Data records

________________________

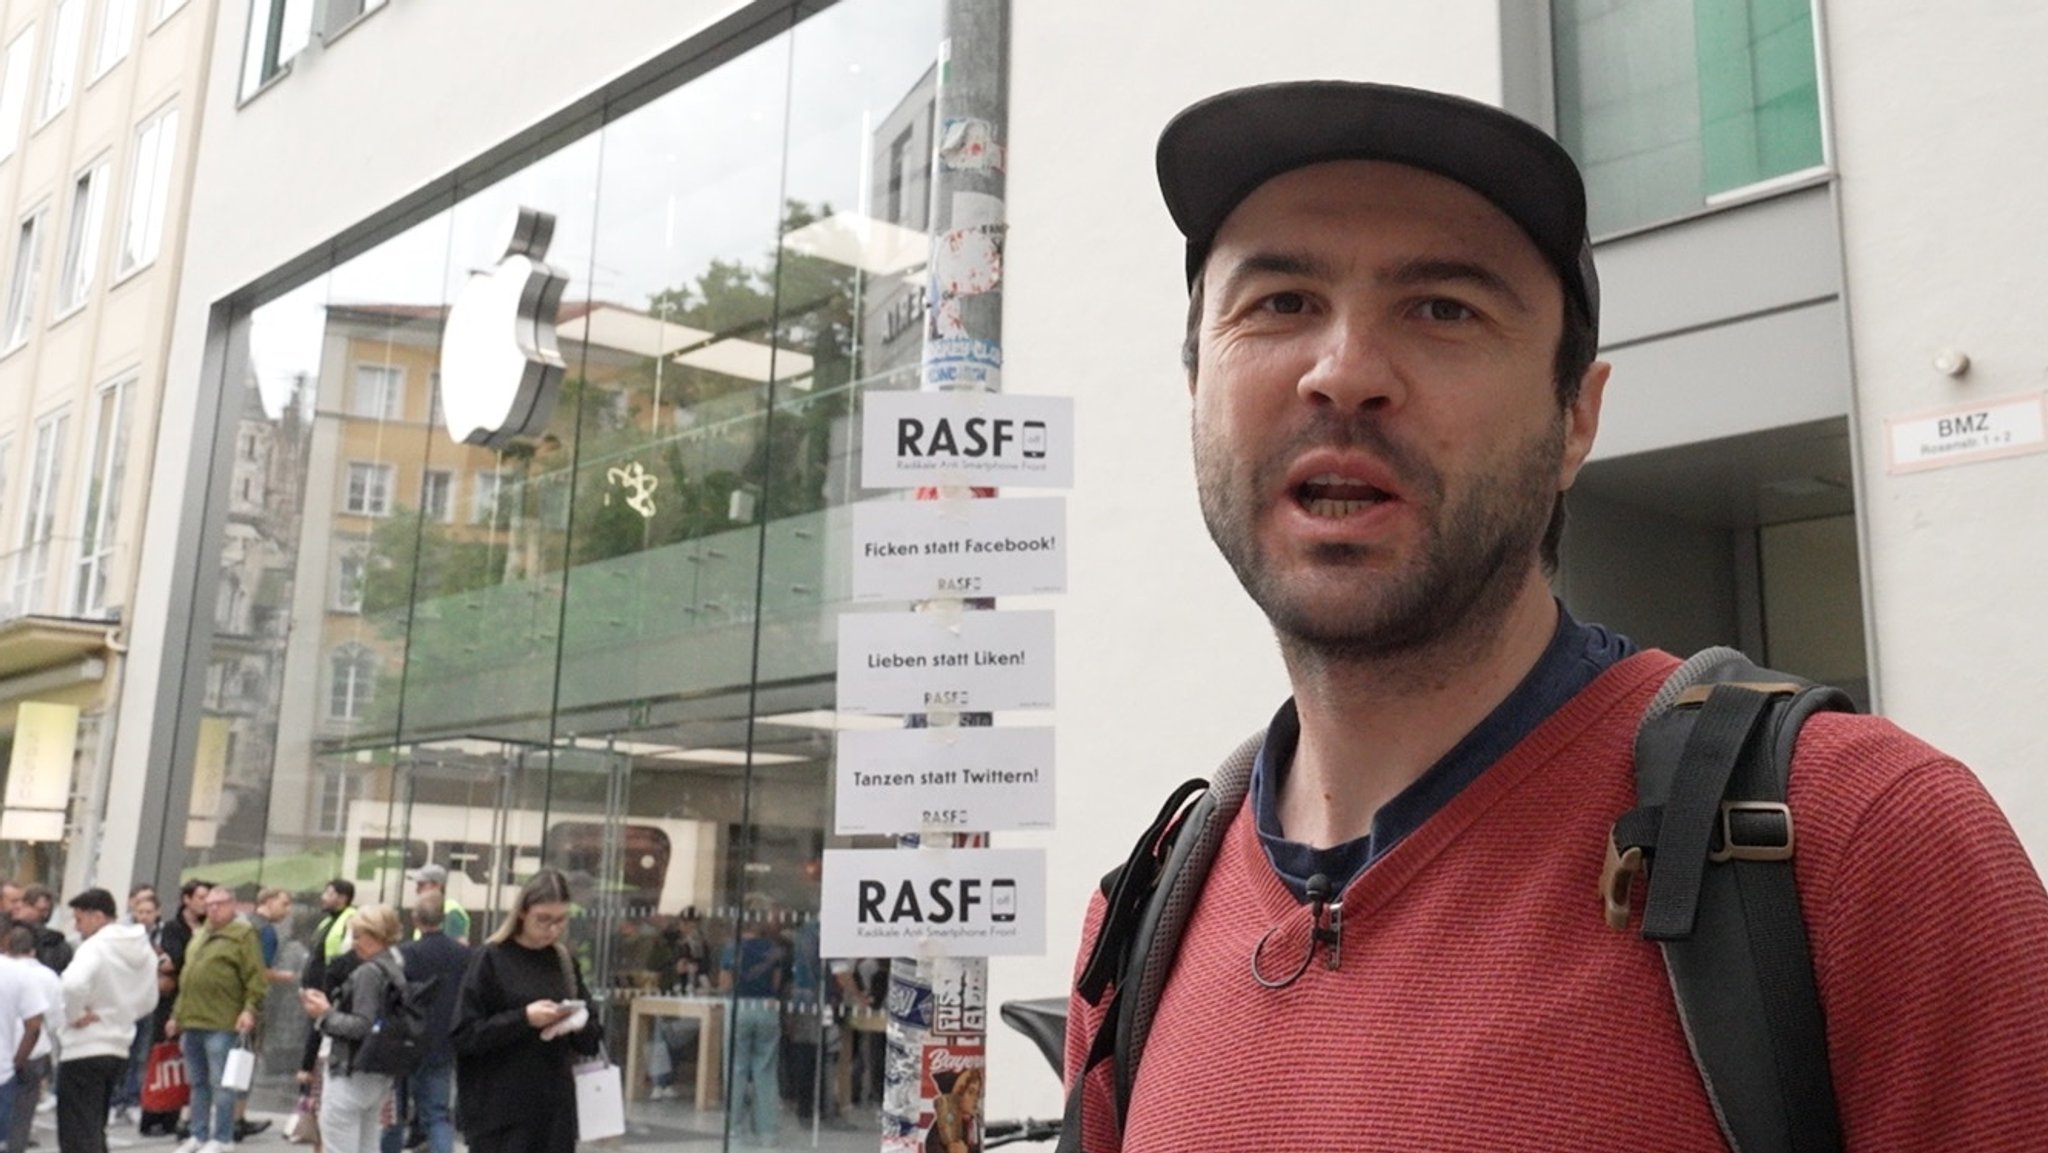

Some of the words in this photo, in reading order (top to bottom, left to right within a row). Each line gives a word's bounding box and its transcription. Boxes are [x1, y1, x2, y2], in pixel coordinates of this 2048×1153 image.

[1938, 412, 1990, 437] BMZ
[897, 417, 1014, 458] RASF
[940, 460, 959, 470] Anti
[865, 542, 919, 557] Ficken
[925, 540, 960, 555] statt
[965, 536, 1056, 554] Facebook!
[938, 577, 972, 591] RASF
[868, 653, 927, 668] Lieben
[933, 652, 969, 667] statt
[974, 651, 1026, 666] Liken!
[924, 691, 960, 704] RASF
[854, 771, 915, 786] Tanzen
[921, 770, 957, 785] statt
[963, 768, 1039, 784] Twittern!
[922, 810, 957, 824] RASF
[858, 878, 982, 924] RASF
[857, 927, 900, 937] Radikale
[903, 927, 924, 937] Anti
[927, 927, 987, 938] Smartphone
[990, 926, 1017, 937] Front

________________________

= Description of the task =
Exact copy, no pictures: please print the data above once more.

= Output =
Some of the words in this photo, in reading order (top to bottom, left to right within a row). Each line gives a word's bounding box and its transcription. Boxes are [x1, y1, x2, y2], in pixel coordinates of this 2048×1153 image.

[1938, 412, 1990, 437] BMZ
[897, 417, 1014, 458] RASF
[940, 460, 959, 470] Anti
[865, 542, 919, 557] Ficken
[925, 540, 960, 555] statt
[965, 536, 1056, 554] Facebook!
[938, 577, 972, 591] RASF
[868, 653, 927, 668] Lieben
[933, 652, 969, 667] statt
[974, 651, 1026, 666] Liken!
[924, 691, 960, 704] RASF
[854, 771, 915, 786] Tanzen
[921, 770, 957, 785] statt
[963, 768, 1039, 784] Twittern!
[922, 810, 957, 824] RASF
[858, 878, 982, 924] RASF
[857, 927, 900, 937] Radikale
[903, 927, 924, 937] Anti
[927, 927, 987, 938] Smartphone
[990, 926, 1017, 937] Front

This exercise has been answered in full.